= Beginning of Section =
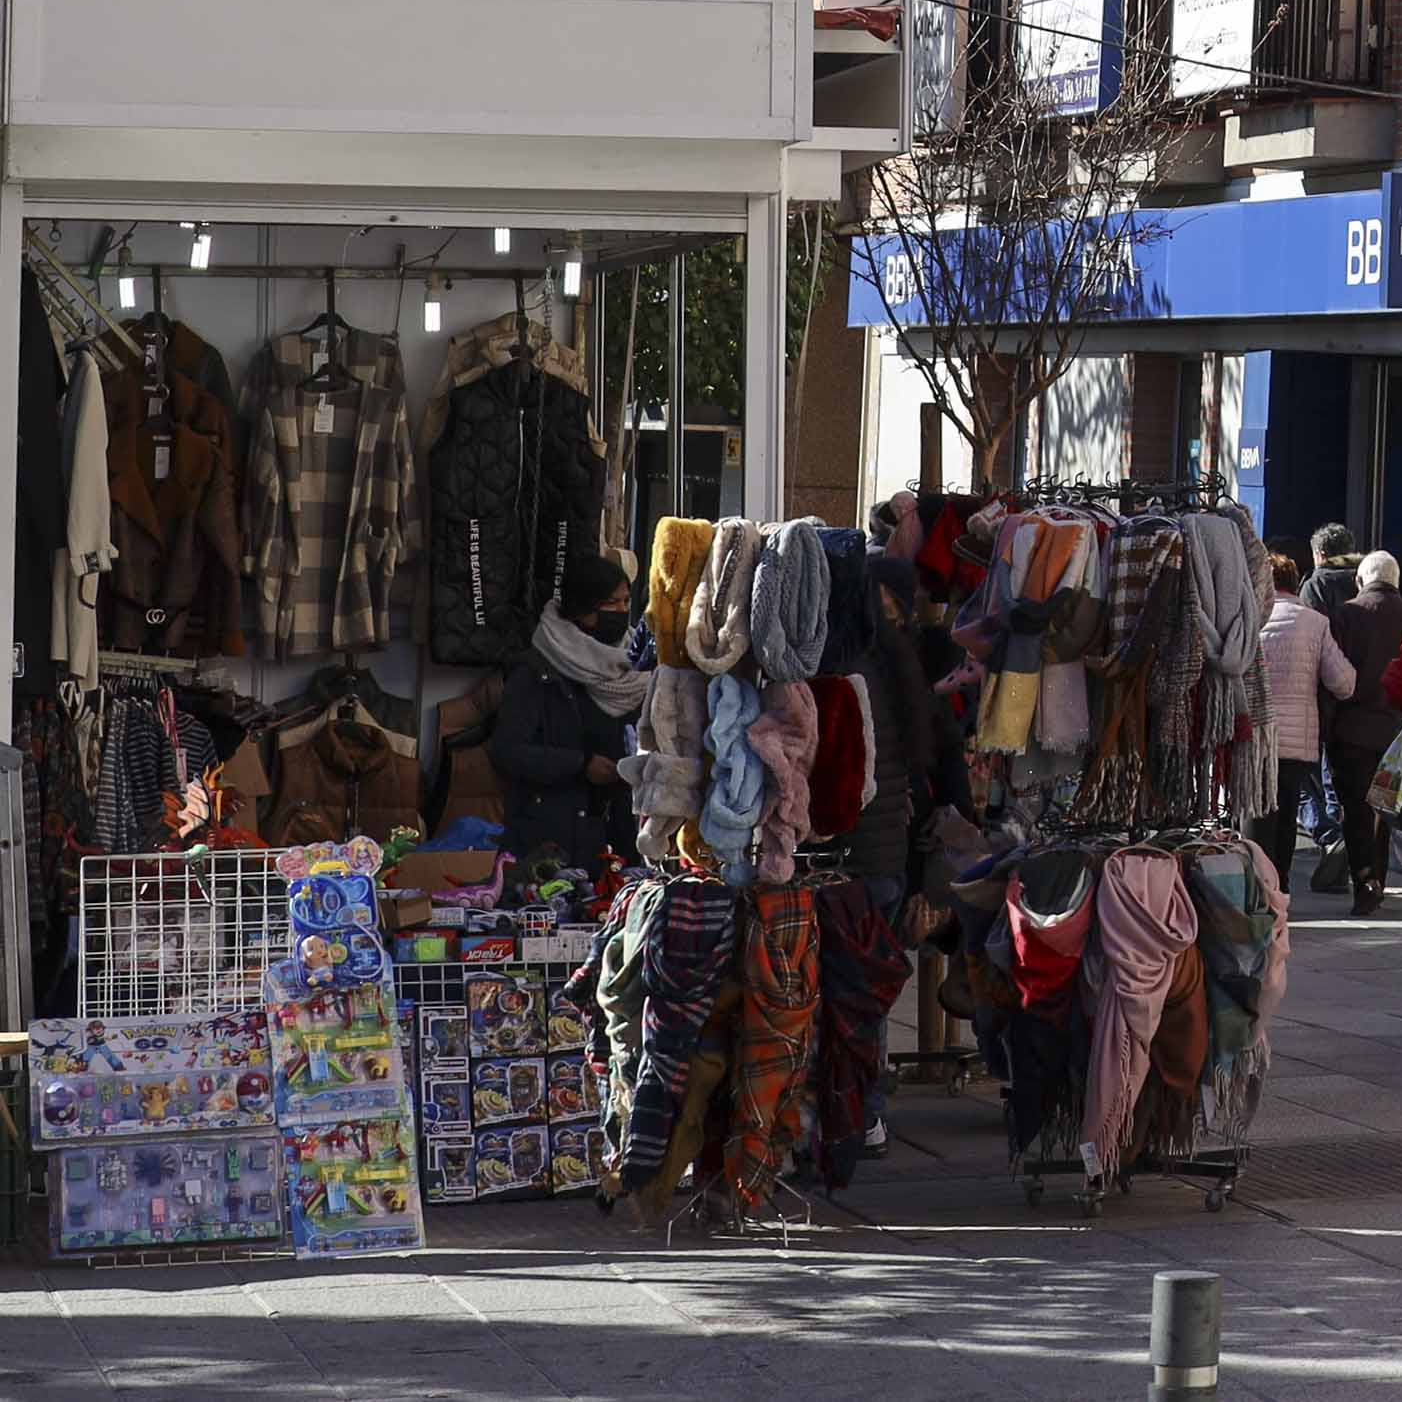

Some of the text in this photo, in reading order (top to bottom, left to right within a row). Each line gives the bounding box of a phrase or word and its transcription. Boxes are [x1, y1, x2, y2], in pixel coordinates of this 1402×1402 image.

[1346, 218, 1382, 285] BB
[470, 519, 480, 541] LIFE
[470, 542, 480, 553] IS
[470, 555, 483, 610] BEAUTIFUL
= End of Section =
= ACTIVITY =
Copy out all of the material exactly as written, without its pictures.

= WRITTEN REPLY =
Some of the text in this photo, in reading order (top to bottom, left to right within a row). Each line gives the bounding box of a phrase or word and its transcription. Boxes are [x1, y1, x2, y2], in pixel coordinates of this 1402×1402 image.

[1346, 218, 1382, 285] BB
[470, 519, 480, 541] LIFE
[470, 542, 480, 553] IS
[470, 555, 483, 610] BEAUTIFUL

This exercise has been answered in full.